Cryptocurrency can often be as risky as it is complicated, sometimes riskier.
Its definition alone can be difficult to understand: “a digital currency in which transactions are verified and records are maintained by a decentralized system using cryptography, rather than by a centralized authority.”
And recent headlines have drawn attention to elaborate scams that have cost investors billions of dollars.
Crypto scammers have stolen more than $1 billion since 2021, according to a report from the Federal Trade Commission.
Those risks are increasing.
“From January to November 2022, hackers stole $4.3 billion worth of cryptocurrency. This represents a 37% increase from 2021 over the same period,” according to a study conducted by privacyaffairs.com, which describes itself as an information provider and content creator dedicated to helping protect your private data and prevent a data or cybersecurity breach. stroke.
Scottsdale resident Brandon Pearson was not exempt from these scams.
“I lost $20,000 on one trade and then I lost another $20,000 on another trade,” Pearson recalled. “It’s just that these lessons, unfortunately, are much more expensive.”
After suffering the losses, Pearson thought there had to be a way to create software that could prevent these scams.
Pearson, a former student at the University of Northern Iowa, sought help from younger minds at Arizona State University who could guide him to software or help him develop one that would avoid these scams.
He consulted with members of the ASU Blockchain Club and met Matthew Jurenka, who recently graduated with his master’s degree in computer science.
“I just wanted to talk to someone capable or at least know how to let me know if this was doable,” Pearson recalled.
Jurenka told Pearson that it could be done, but that he needed to do some feasibility studies.
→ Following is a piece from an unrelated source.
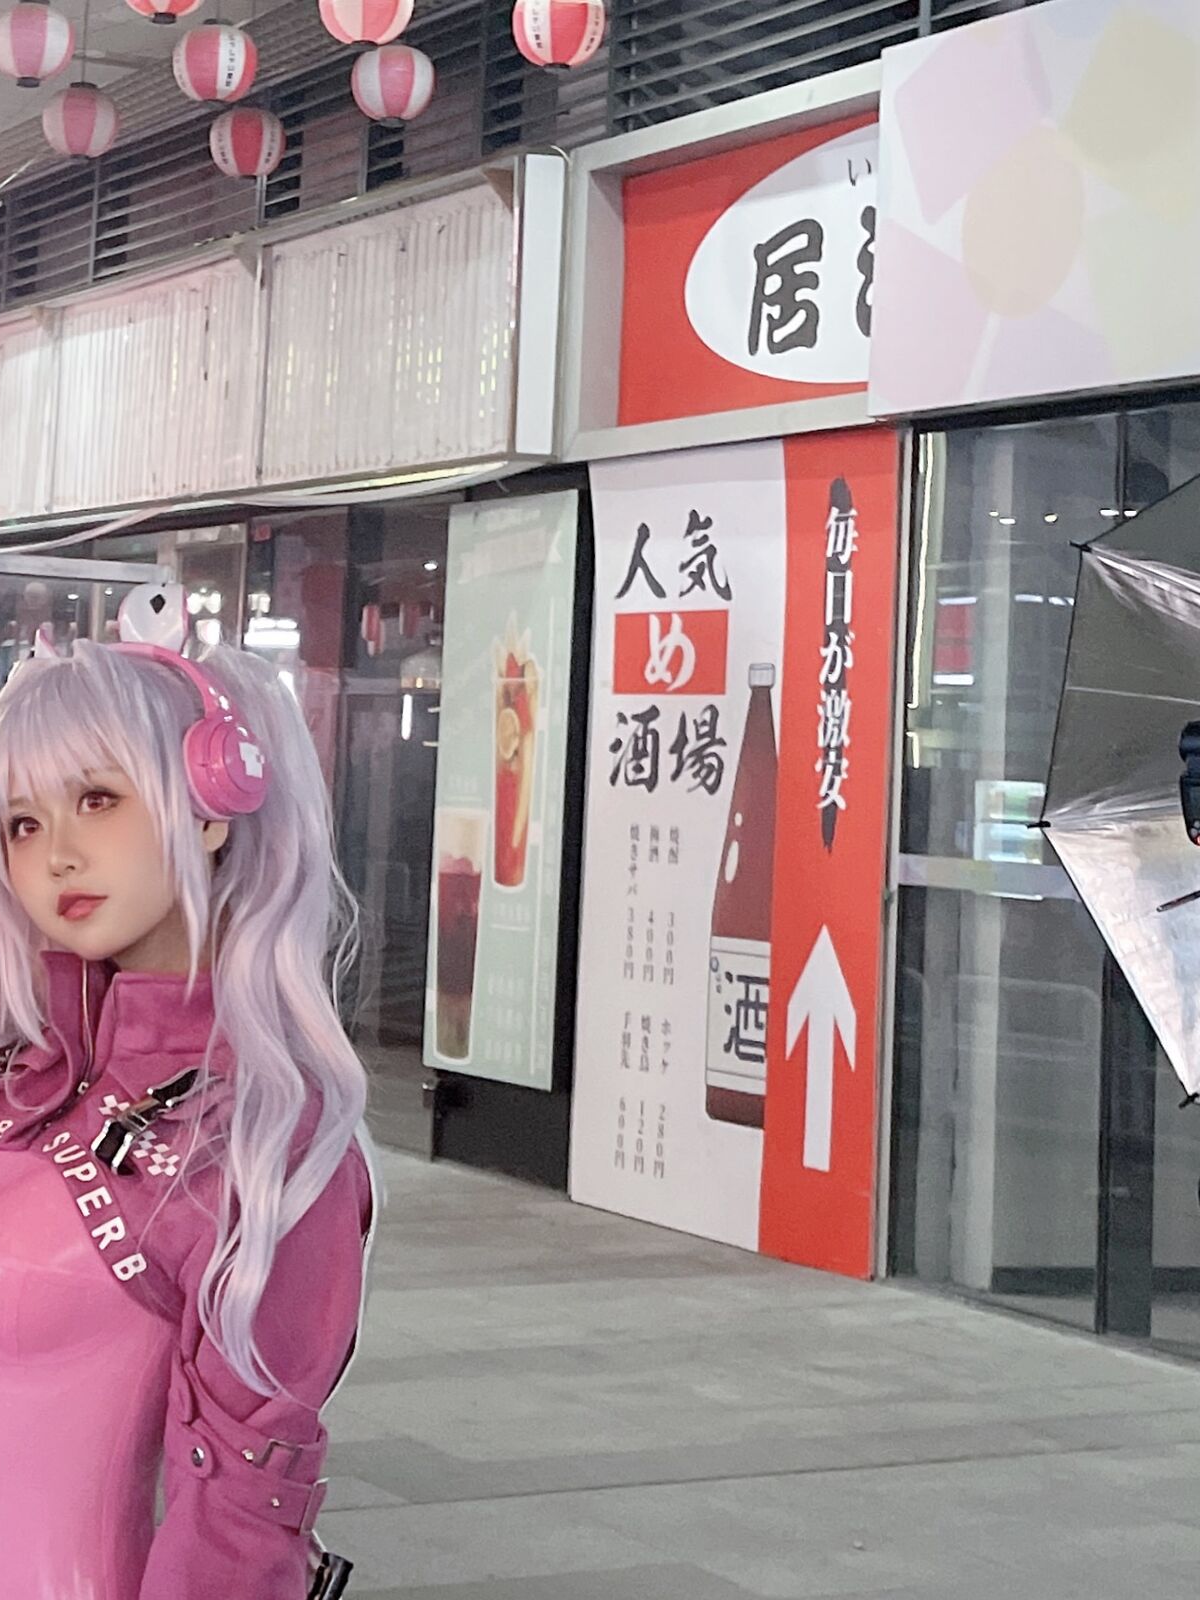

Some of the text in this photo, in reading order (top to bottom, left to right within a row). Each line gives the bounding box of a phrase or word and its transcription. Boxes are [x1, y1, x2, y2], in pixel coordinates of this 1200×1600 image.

Pearson took a chance and paid Jurenka “a few hundred dollars” to do some feasibility studies on whether or not software with this capability could be created.
The results yielded something much bigger.
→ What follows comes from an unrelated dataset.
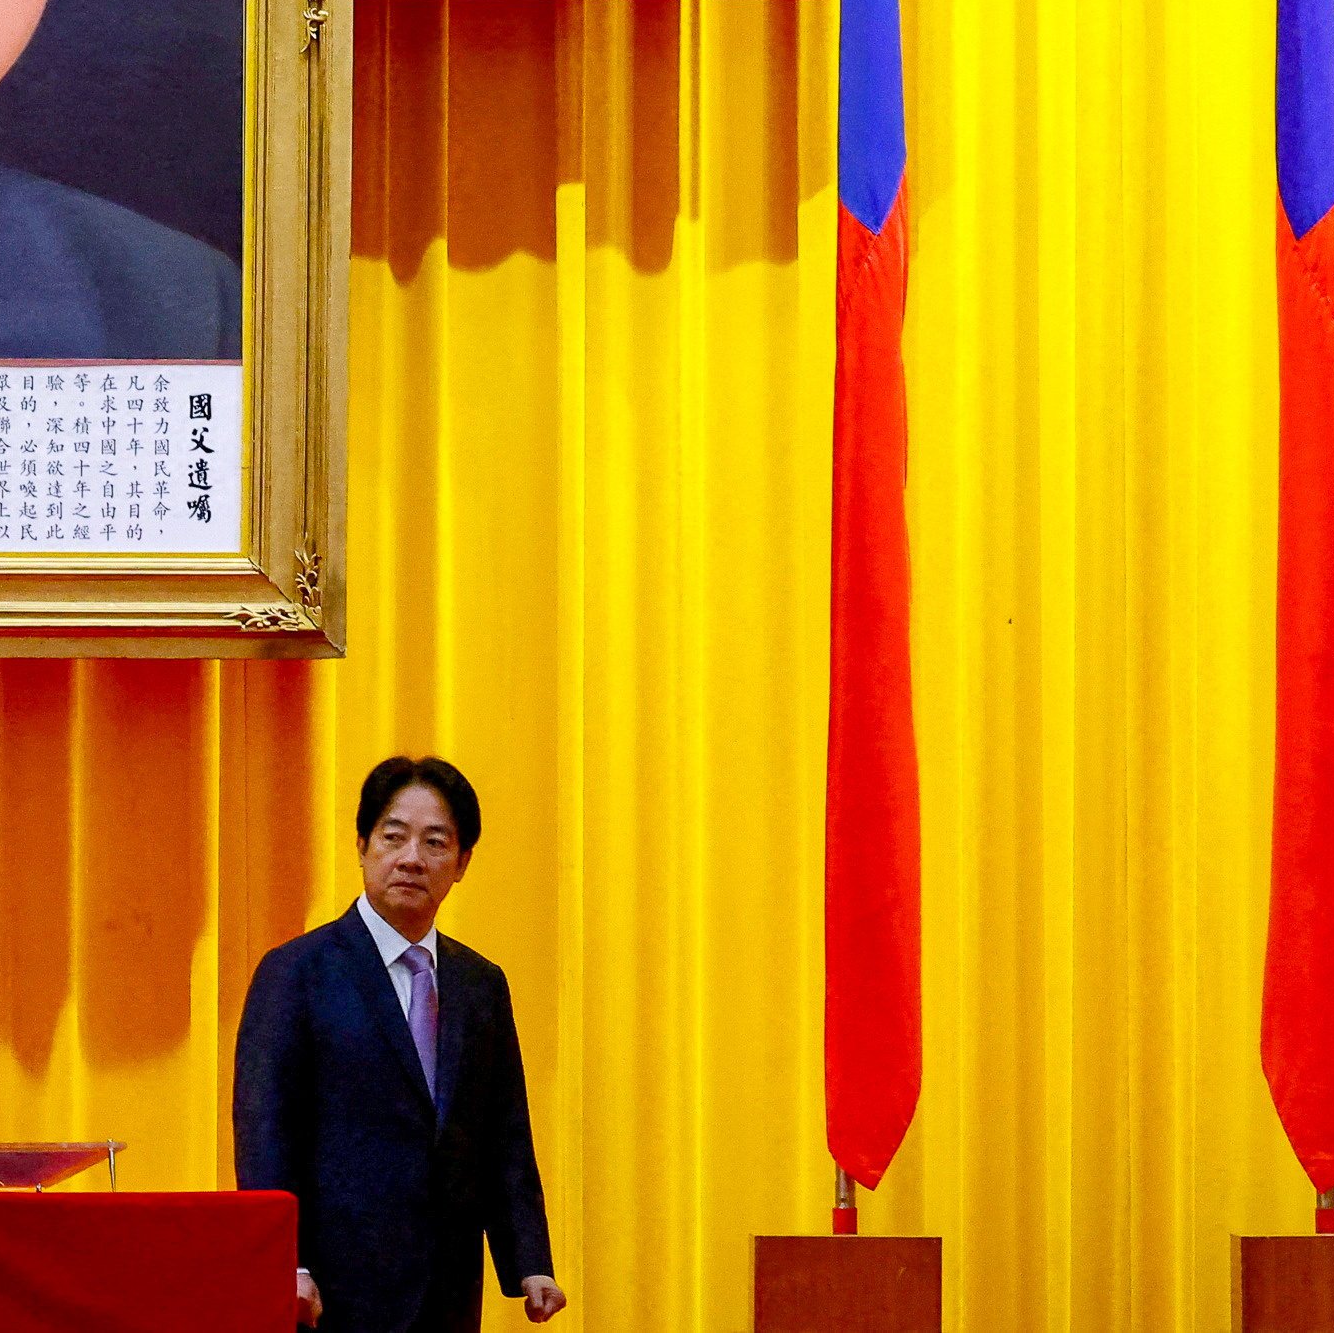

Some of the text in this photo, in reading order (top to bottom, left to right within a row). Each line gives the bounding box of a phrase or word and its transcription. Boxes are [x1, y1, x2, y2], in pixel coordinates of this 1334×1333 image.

[72, 373, 92, 540] 等。積四十年之經
[99, 373, 118, 542] 在求中國之自由平
[186, 392, 216, 524] 國父遺囑
“The idea went from creating a complete crypto wallet with this extra layer of security to ‘let’s find a way to create the extra layer of security and take all the risk of taking the funds out of our hands,'” Pearson said. .
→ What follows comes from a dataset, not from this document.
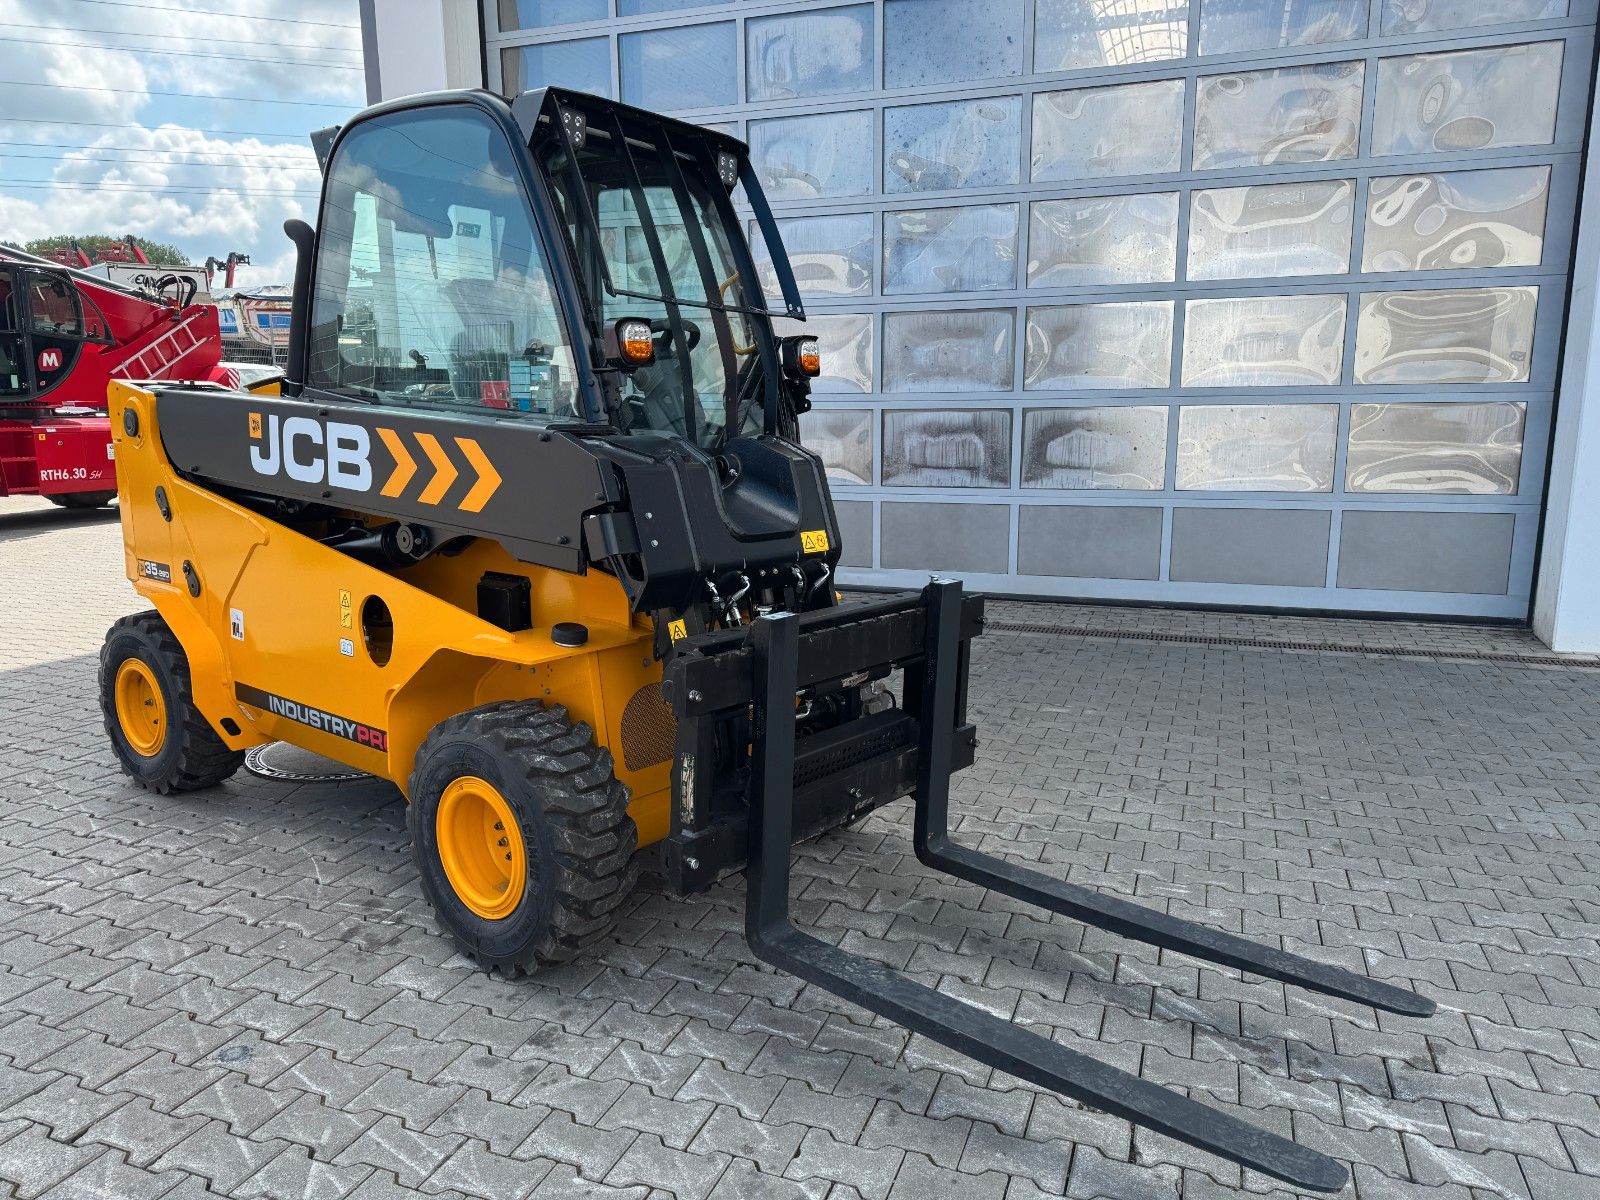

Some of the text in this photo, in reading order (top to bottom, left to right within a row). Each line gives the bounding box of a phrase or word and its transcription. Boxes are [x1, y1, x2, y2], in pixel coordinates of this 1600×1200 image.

[43, 353, 58, 367] M
[249, 412, 373, 492] JCB
[40, 467, 88, 482] RTH6.30
“What I wanted to do was be able to filter transactions and make sure people aren’t losing their money.”
The software analyzes proposed smart contracts on each cryptocurrency exchange to determine the reputation and security of the exchange’s website, and whether or not a proposal is suspicious.
“What our software does is it anticipates a transaction and acts as a buffer between your real wallet and the smart contract and the software defines what this smart contract is proposing and what it is going to do,” Pearson said.
The verbiage of these smart contracts is often not easily understood by the average cryptocurrency reader and consumer, according to Pearson.
“With smart contracts for a guy like me, or even a guy like Matt or Elon Musk for example, you can’t just read that when it’s presented to you, you just have to trust what this website says that the smart contract is going to to do, you have to trust that that is exactly what is going to happen. And that’s not always the case,” Pearson said.
The software not only reads the complex verbiage of these contracts, but Pearson said it could also have been used to detect million-dollar scams like the $120 million loss suffered by BadgerDAO in late 2021.
“BadgerDAO clicked on a link…and they were scammed out of $120 million,” Pearson said, adding:
“We spoke to someone who was involved with BadgerDAO and they told us that our software would have prevented it entirely.”
The software, known as Core Protect, can be downloaded in browsers such as Google Chrome, Firefox and Microsoft Edge and Pearson hopes his software will serve as a tool that brings fortune to its users and restores a sense of security to Cryptocurrency.
“I think our software will help Crypto round that curve and become more mainstream,” Pearson said.
“With software like ours that can filter transactions and make sure people don’t get scammed, it puts trust back into cryptocurrency and we think it will open the doors for the bigger banks to get into something like this because collateral exists. now.”